Numerous thoughts: brought about by not only this article and the book itself, but also by several conversations held with a close friend of mine over the past few days, all in conjunction with my own considerations. I have been thinking about my future as a writer. I want to travel to various countries, namely impoverished or oft overlooked countries, and write about them in such a manner as to bring them to the forefront of Western consciousness, challenging common conceptions, and calling their present state into serious question. I've struggled with this ambition of mine for several weeks, mostly as a result of my post-colonial global literature tutorial. I questioned my right, not to mention my ability, to speak for a country, a people, a culture that I would see through the very lens I wish to challenge. My friend reassured me that, besides the fact that I will not necessarily be speaking for them but instead transmitting my own experiences and perceptions, that it is possible to at least partially rid myself of the biases and lenses that have been socially engrained within me. I will expound on this in a later post.

Anyway, let me get to what I'm getting at. This whole inner debate has also raised questions of how incredibly frustrating it is that post-colonial nations have such a difficult task ahead in finding and using the voice that has so long been smothered and meanwhile altered by colonialism.

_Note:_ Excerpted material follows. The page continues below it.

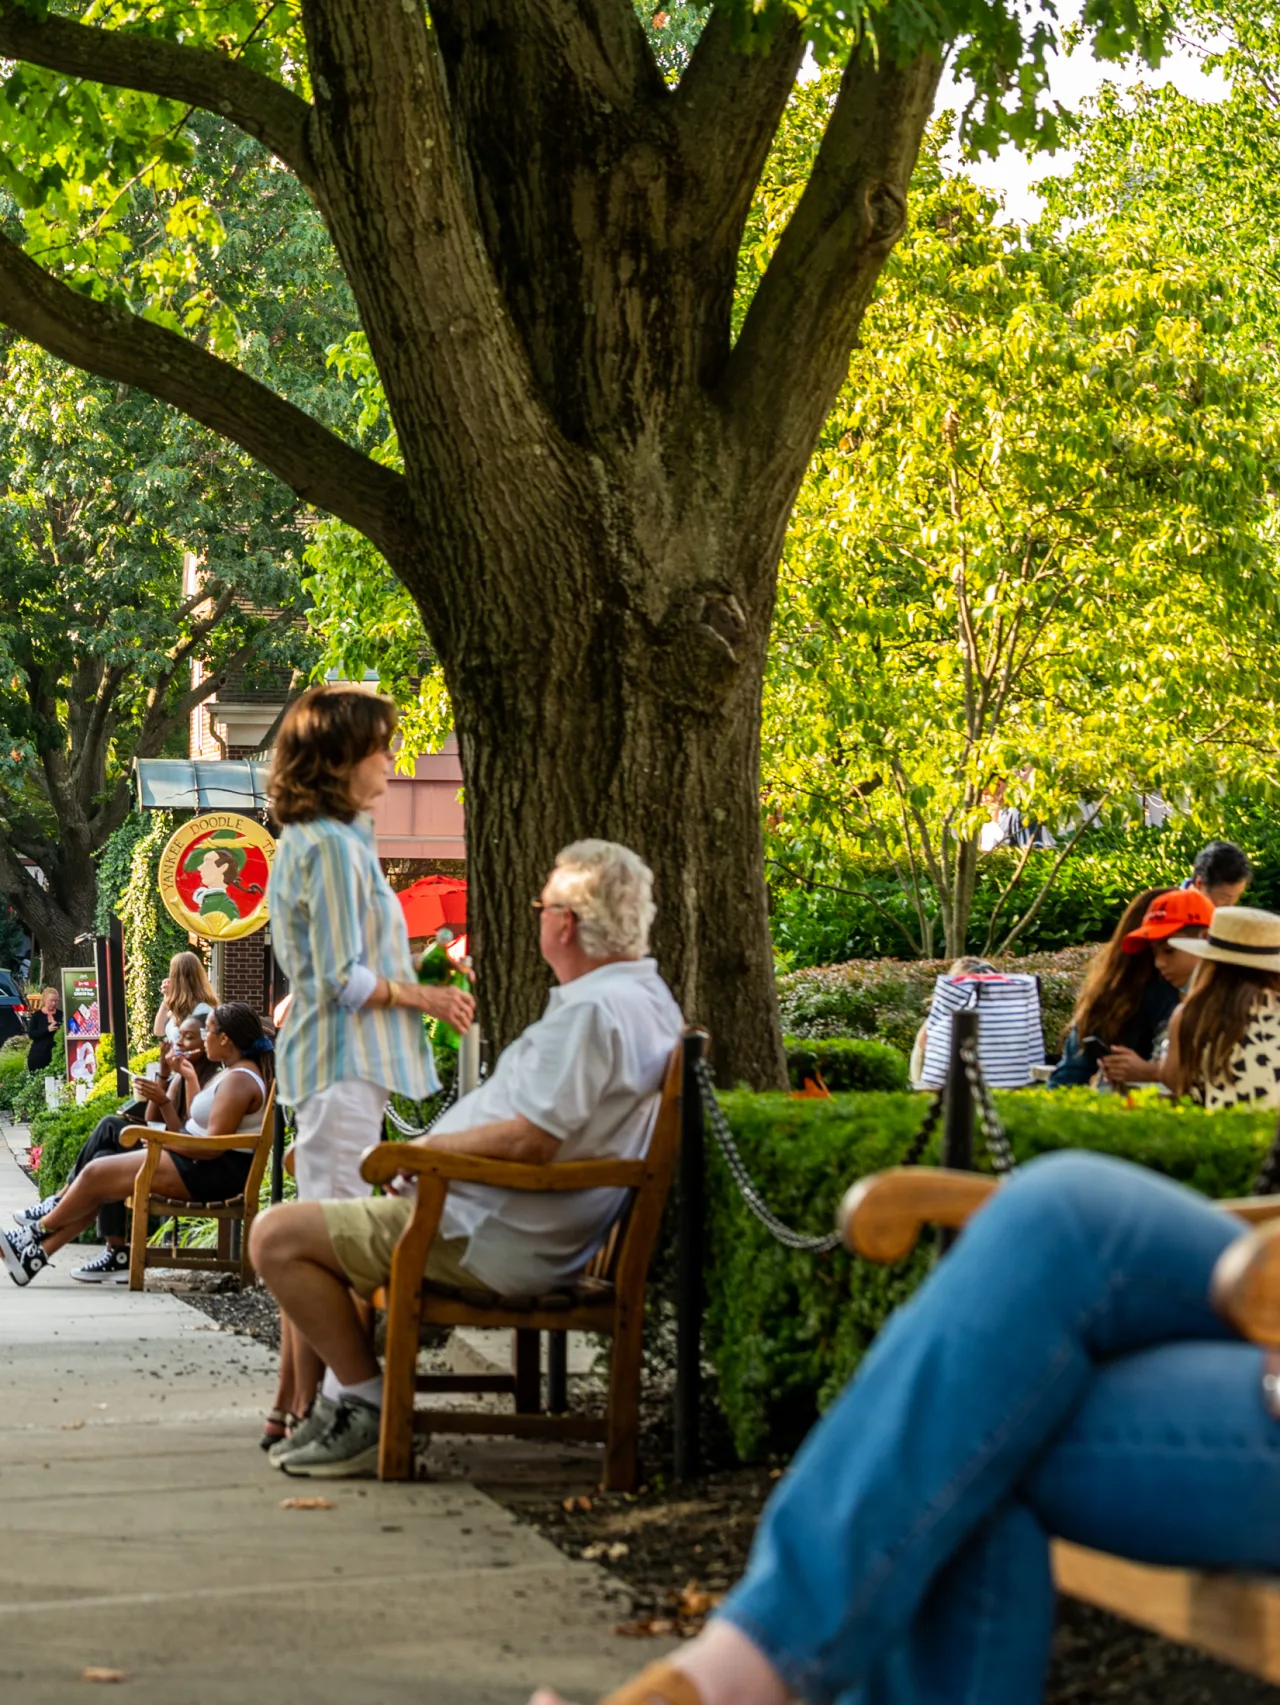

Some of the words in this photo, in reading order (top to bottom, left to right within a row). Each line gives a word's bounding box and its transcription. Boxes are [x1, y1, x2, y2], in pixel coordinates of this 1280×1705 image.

On top of this, people like Joseph Conrad have gone into these countries and subsequently written the aforementioned prejudiced books like Heart of Darkness, which are then accepted as reality not only by the inhabitants of the author's country and the readers in the developed world but also, eventually, by the people of that country themselves, as there will likely exist a paucity of their history told through their own eyes due to attempts at assimilation into Western culture by the colonists. What an absurd concept.

The event that occurred as I began my essay: I have been writing about numerous authors for the past two months, half British, half of varied nationality. I typed in the name "Joseph Conrad," as I have typed the names Ernest Hemingway, Charlotte Bronte, Mary Shelley ... and nothing happened. I typed in the name "Chinua Achebe," as I have typed in the names Salman Rushdie, Lu Hsun, Gabriel Garcia Marquez ... and the little red dots indicating a spelling error appeared on the screen.

It speaks volumes to me that authors like Ernest Hemingway and Charlotte Bronte are "significant" enough to have their last names automatically added to Microsoft Word's dictionary, but authors like Chinua Achebe and Salman Rushdie, who have done incredible work in speaking for those who cannot yet speak for themselves, challenging Western views and Western control, and standing against the floods that rushed forth in post-colonial times, are not "worthy" enough or "famous" enough to have been added to Microsoft's dictionary. Bullshit.

Needless to say, I moved my mouse over the red-underlined words. I right-clicked. I selected "Add to Dictionary."

They are significant enough for me. They, too, should be household names. So why aren't they?